Por isso que eu espero que esse tipo de assunto deixe de virar assunto.
Os jornais do mundo inteiro fizeram o maior estardalhaço porque uma mulher é presidente da câmara alta (ou algo assim) dos EUA. Meu Deus!! Isso ainda é notícia? A Yeda Crusius foi eleita governadora no RS. A primeira governadora e daí? Só quem nunca teve chefe mulher para se espantar, decerto, e a primeira chefe que tive foi uma mulher (uma ex-professora minha) e não vi nada de mais. Ela era às vezes tão cachorra e às vezes tão brilhante quanto qualquer outro chefe que eu tive. E, convenhamos, tanto pior para o RS que elegeu a Yeda, diag-se de passagem.

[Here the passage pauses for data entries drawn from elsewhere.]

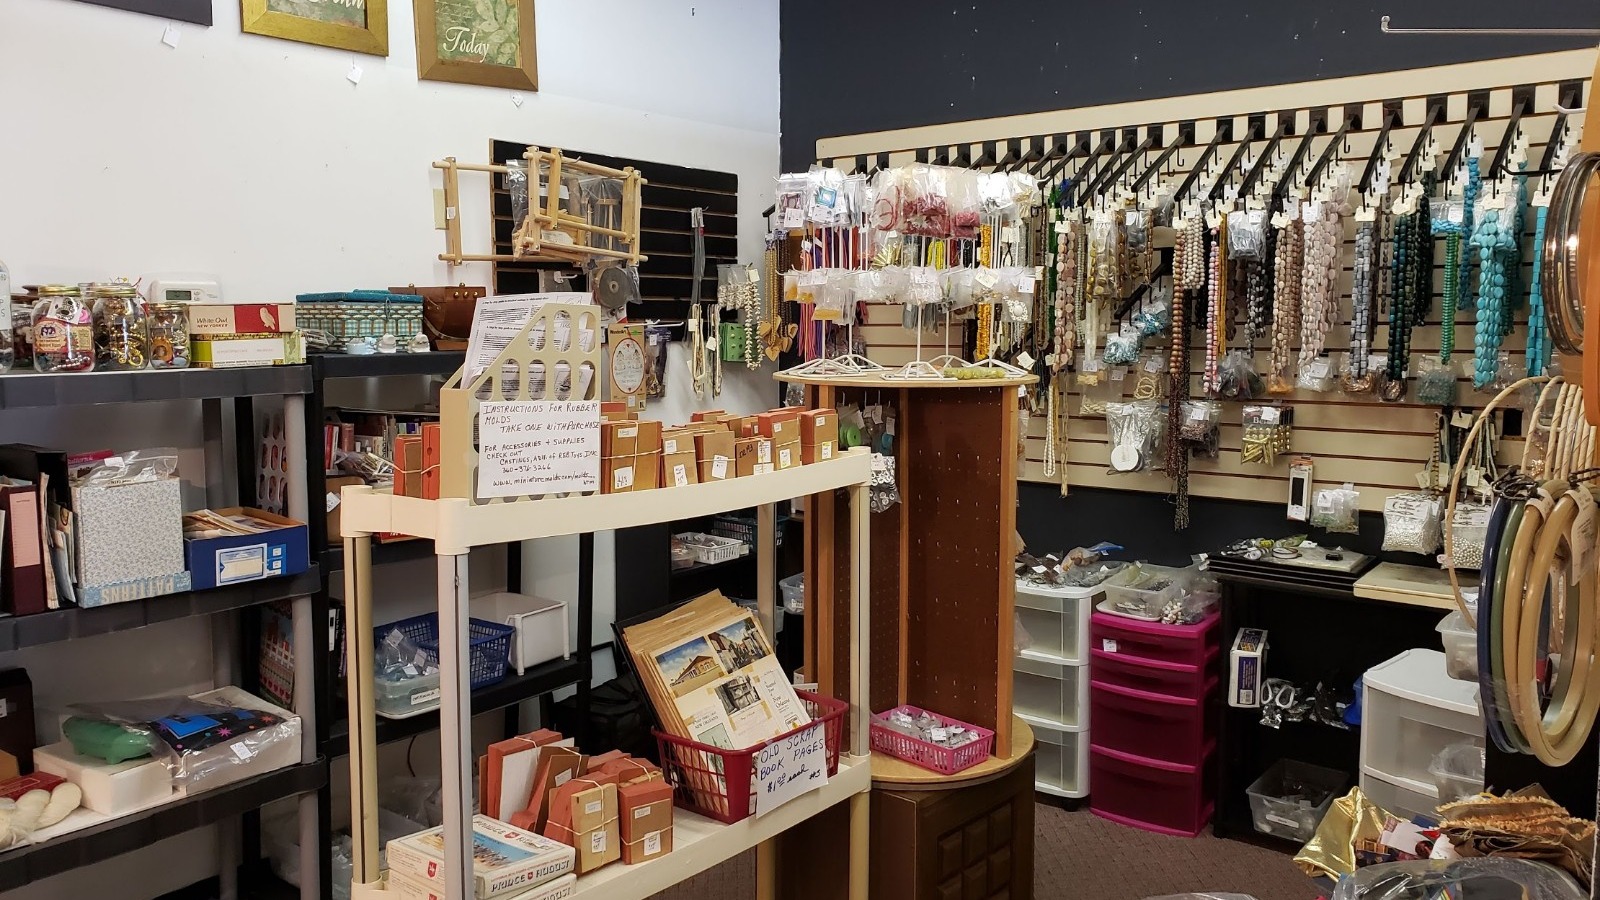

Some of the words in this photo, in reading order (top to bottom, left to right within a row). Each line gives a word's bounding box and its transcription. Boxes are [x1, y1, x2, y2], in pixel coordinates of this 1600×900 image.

[443, 26, 490, 63] Today
[483, 404, 543, 415] INSTRUCTIONS
[549, 403, 562, 412] FOR
[566, 402, 598, 412] RUBBER
[485, 415, 511, 425] MOLDS
[500, 423, 522, 433] TAKE
[525, 423, 543, 431] ONE
[484, 445, 497, 453] FOR
[502, 440, 541, 451] ACCESSORIES
[553, 437, 585, 445] SUPPLIES
[487, 452, 508, 460] CHECK
[101, 579, 174, 602] PATTERNS
[760, 744, 779, 763] OLD
[787, 725, 818, 750] SCRAP
[760, 756, 784, 781] BOOK
[793, 738, 824, 761] PAGES
[491, 874, 526, 893] PRINCE
[536, 860, 570, 878] AUGUST

Enquanto as pessoas votarem nos pênis ou nas vaginas das pessoas, eu vou continuar me sentindo em 1960/70, mas sem as músicas disco, que são legais. A menos, é claro, que me provem que o que você tem no meio das pernas é decisivo na hora de tomar decisões governamentais: imagino o presidente conversando com seu pênis, ou a governadora conversando com sua vagina, antes de propor um pacote econômico ("-O que você acha?" "-Ah, sei lá, nem a luz do sol eu vejo há tempos, como eu vou lhe falar sobre economia?). Rídiculo.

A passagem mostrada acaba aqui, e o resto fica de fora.